▶ Task requirements
Your copy should match the entries exactly, with the pictures left out.
BEGIN Entries shown
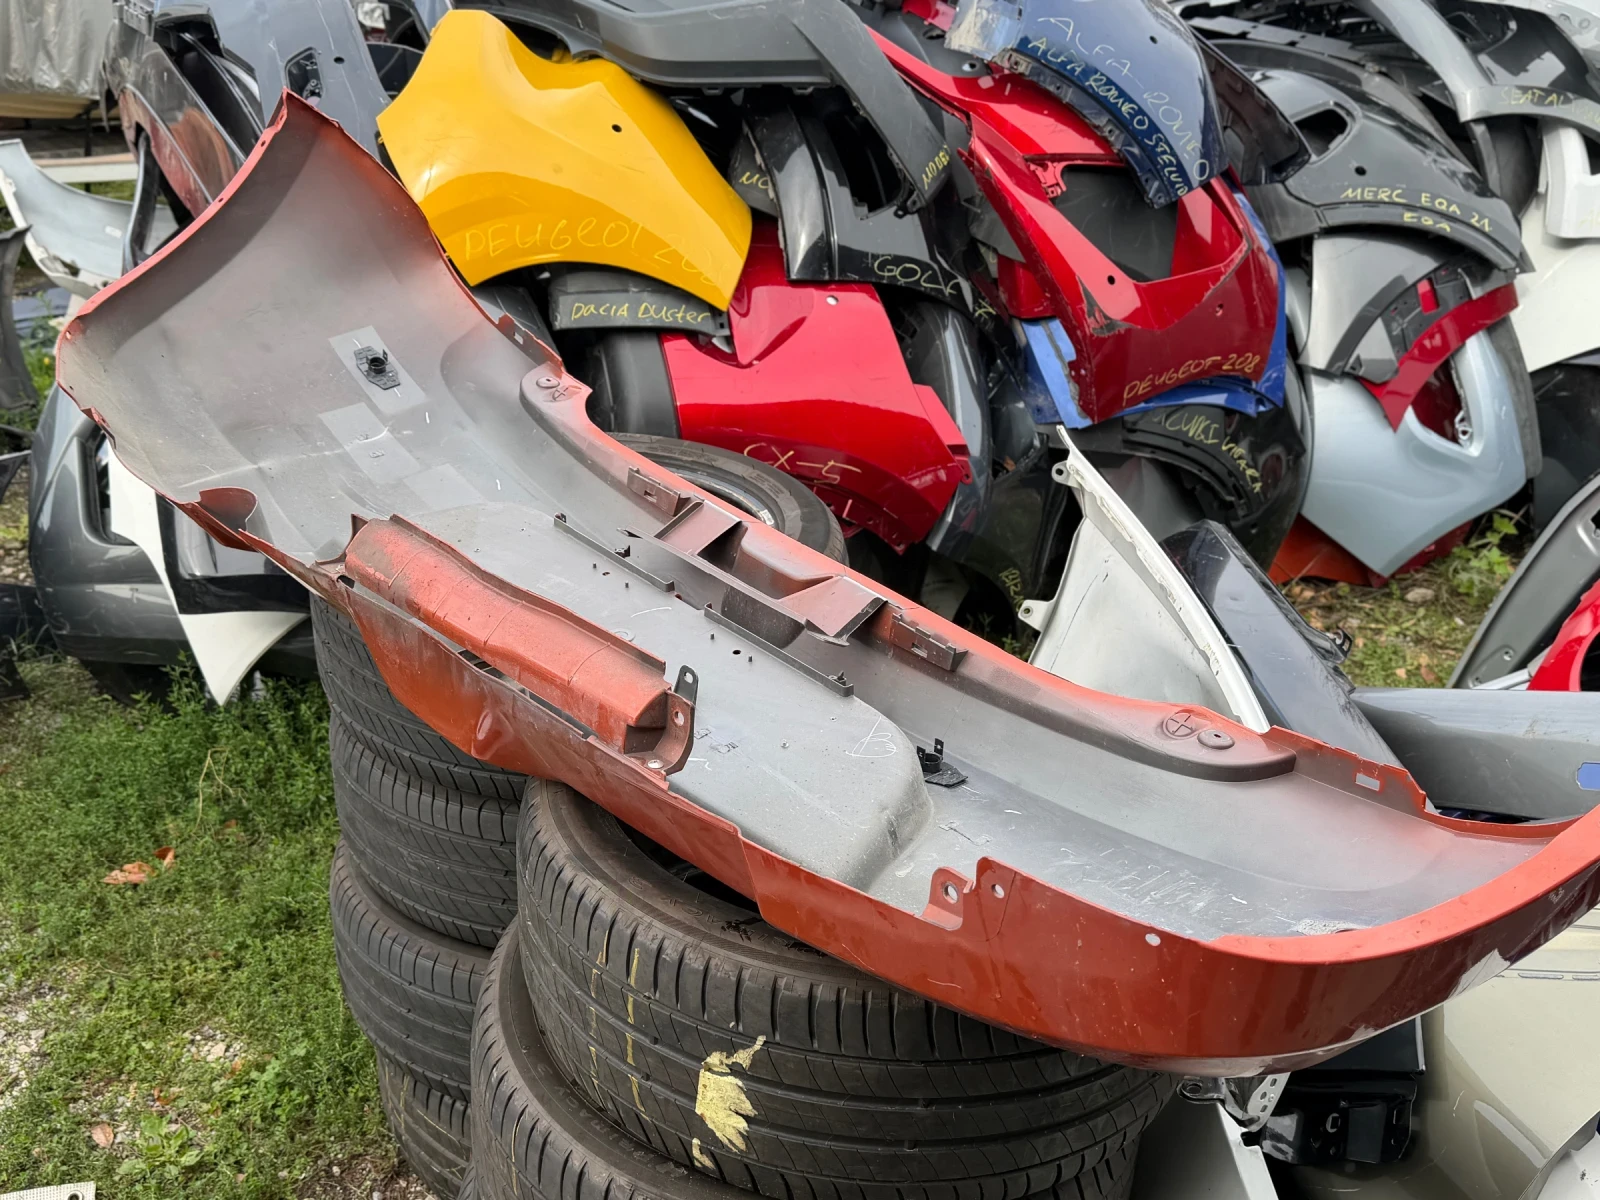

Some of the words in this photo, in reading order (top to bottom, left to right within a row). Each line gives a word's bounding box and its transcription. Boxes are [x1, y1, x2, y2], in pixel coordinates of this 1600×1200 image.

[1028, 37, 1086, 76] ALFA
[1085, 72, 1149, 130] ROMEO
[1144, 133, 1188, 196] STELVIO
[1498, 87, 1545, 105] SEAT
[1340, 187, 1407, 203] MERC
[1421, 192, 1461, 215] EQA
[1403, 211, 1451, 232] EQA
[874, 255, 962, 296] GOLF
[1122, 356, 1221, 406] PEUGEOT
[1222, 353, 1260, 373] 208
[743, 442, 862, 484] CX-5
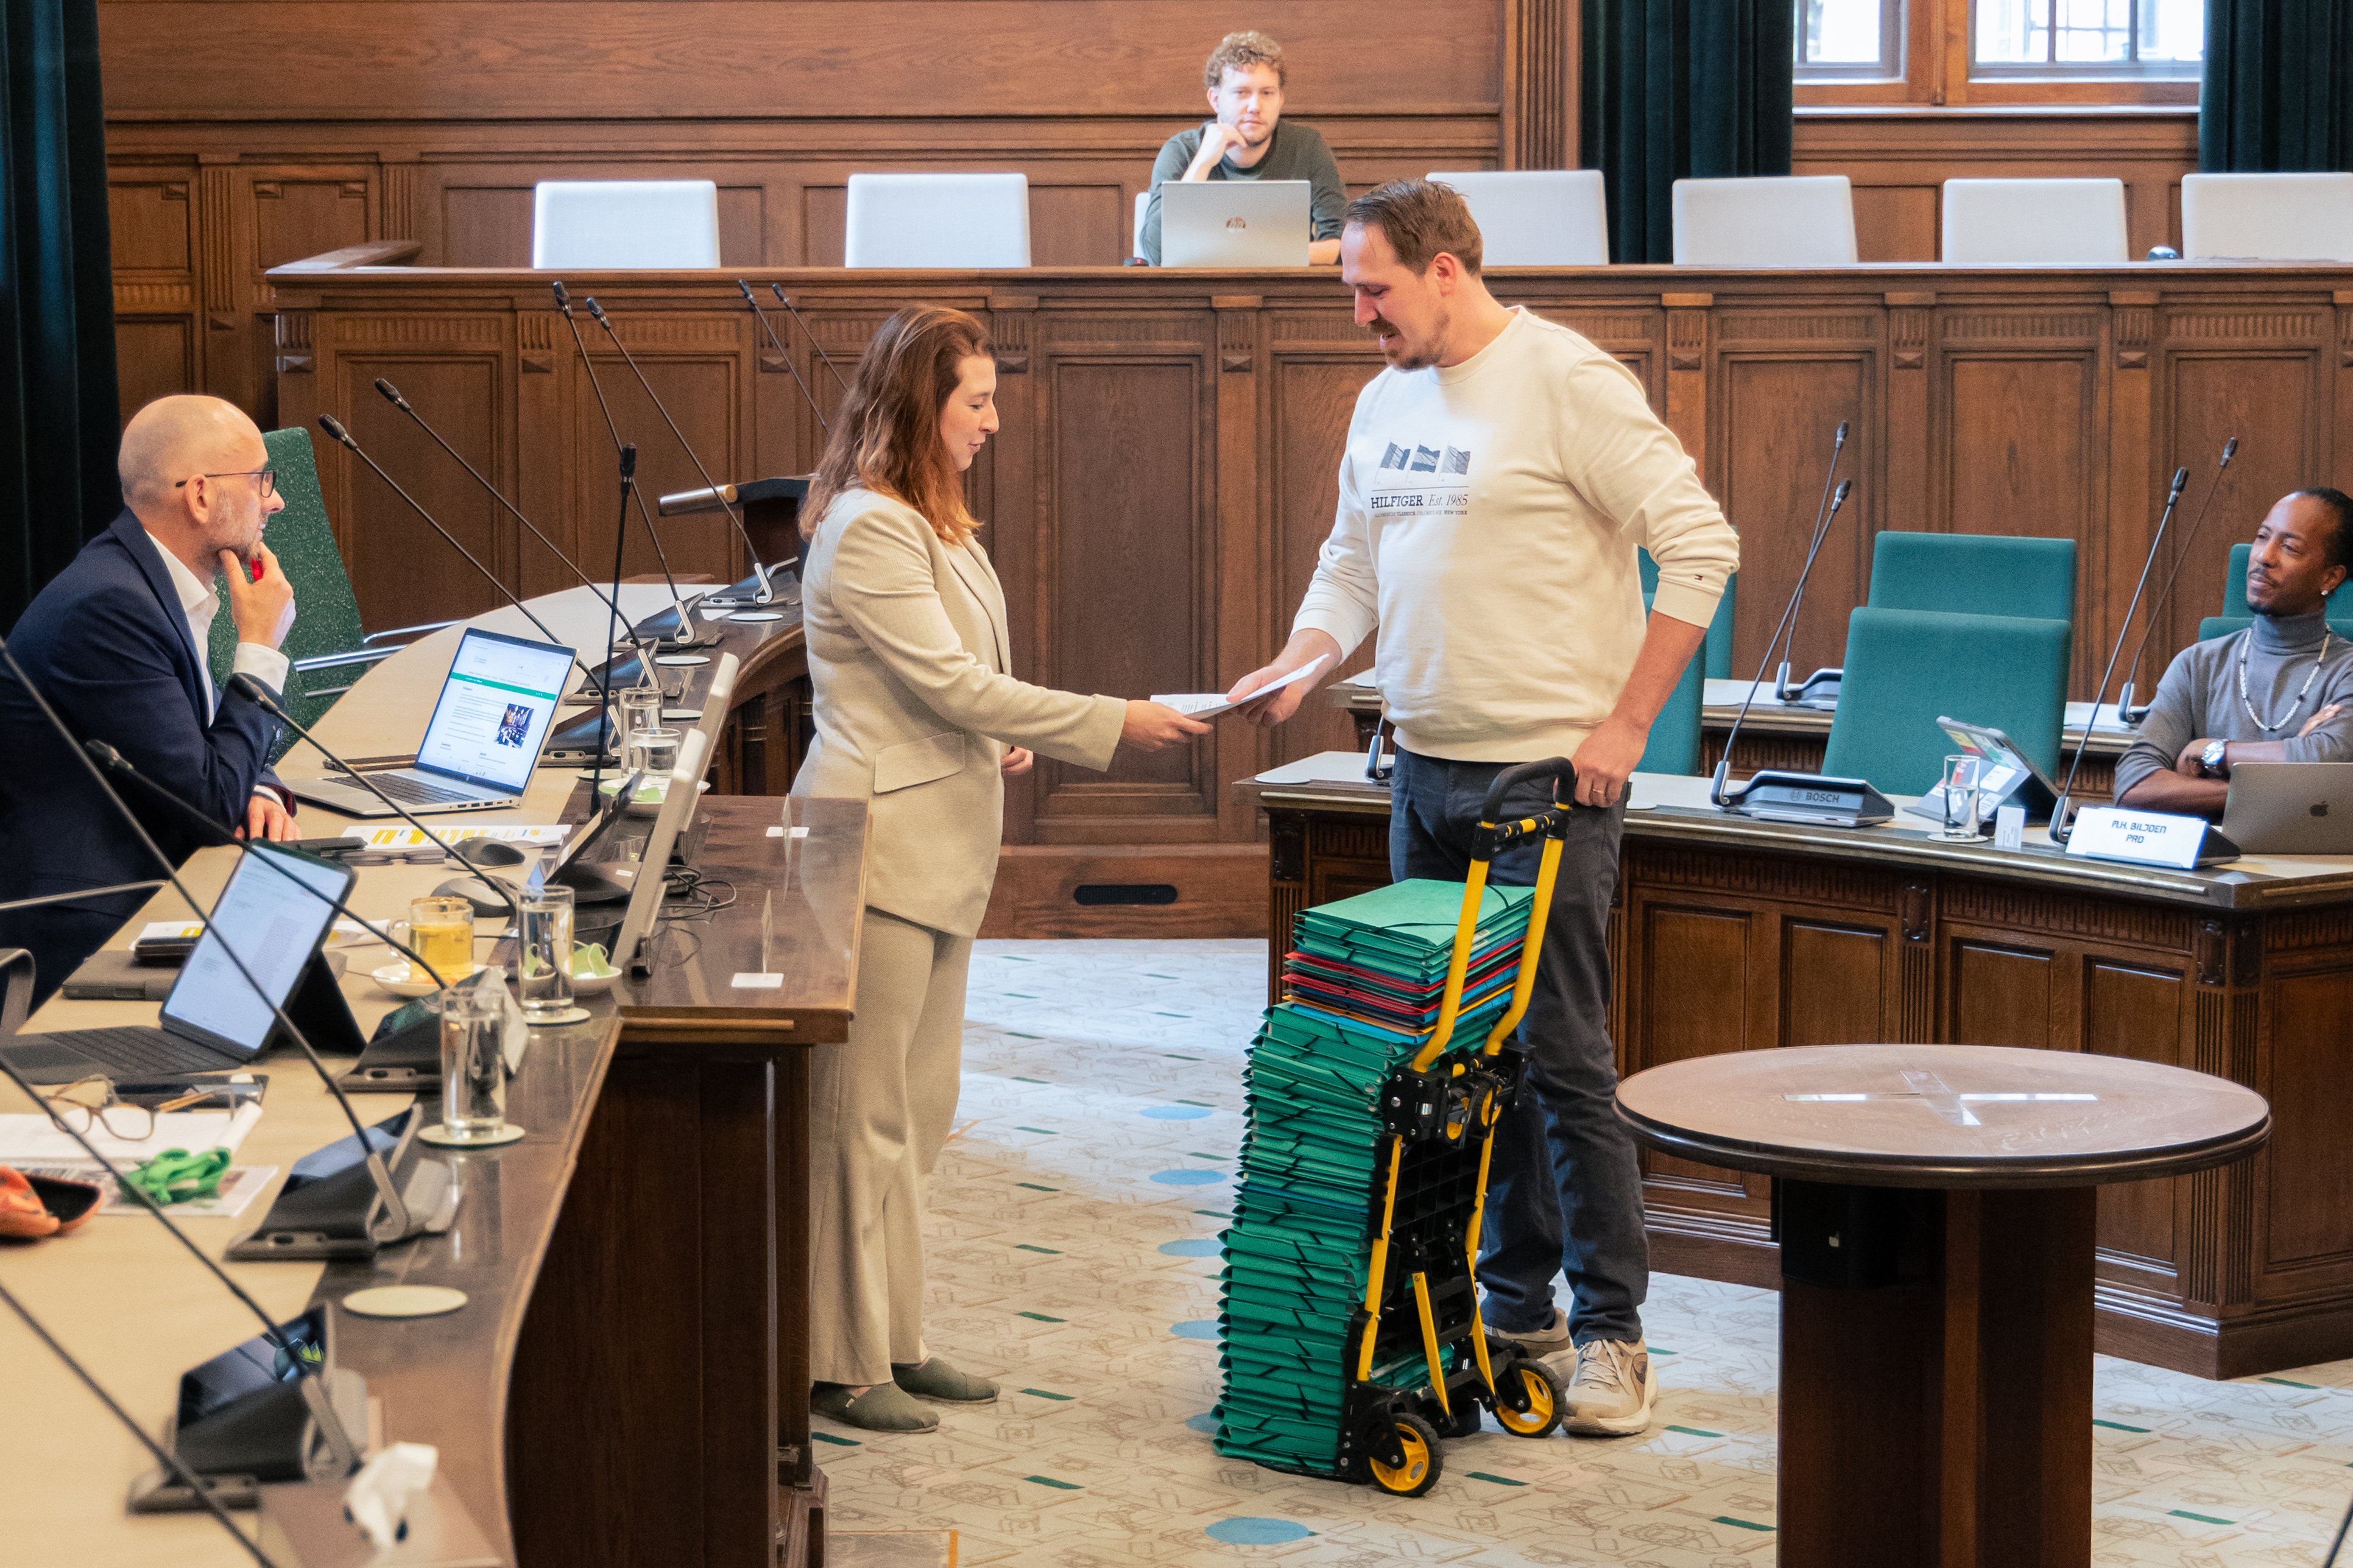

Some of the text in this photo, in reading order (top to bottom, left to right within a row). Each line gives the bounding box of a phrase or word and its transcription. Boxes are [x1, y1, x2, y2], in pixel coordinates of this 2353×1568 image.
END Entries shown
▶ Task output
Some of the words in this photo, in reading order (top to bottom, left to right within a row). Each line gives a word's bounding box and its transcription. Boxes are [x1, y1, x2, y2], in pixel coordinates of this 1600×1200 image.

[1028, 37, 1086, 76] ALFA
[1085, 72, 1149, 130] ROMEO
[1144, 133, 1188, 196] STELVIO
[1498, 87, 1545, 105] SEAT
[1340, 187, 1407, 203] MERC
[1421, 192, 1461, 215] EQA
[1403, 211, 1451, 232] EQA
[874, 255, 962, 296] GOLF
[1122, 356, 1221, 406] PEUGEOT
[1222, 353, 1260, 373] 208
[743, 442, 862, 484] CX-5

Some of the text in this photo, in reading order (top to bottom, left to right within a row). Each line gives the bounding box of a phrase or word and its transcription. Boxes are [x1, y1, x2, y2], in pixel coordinates of this 2353×1568 image.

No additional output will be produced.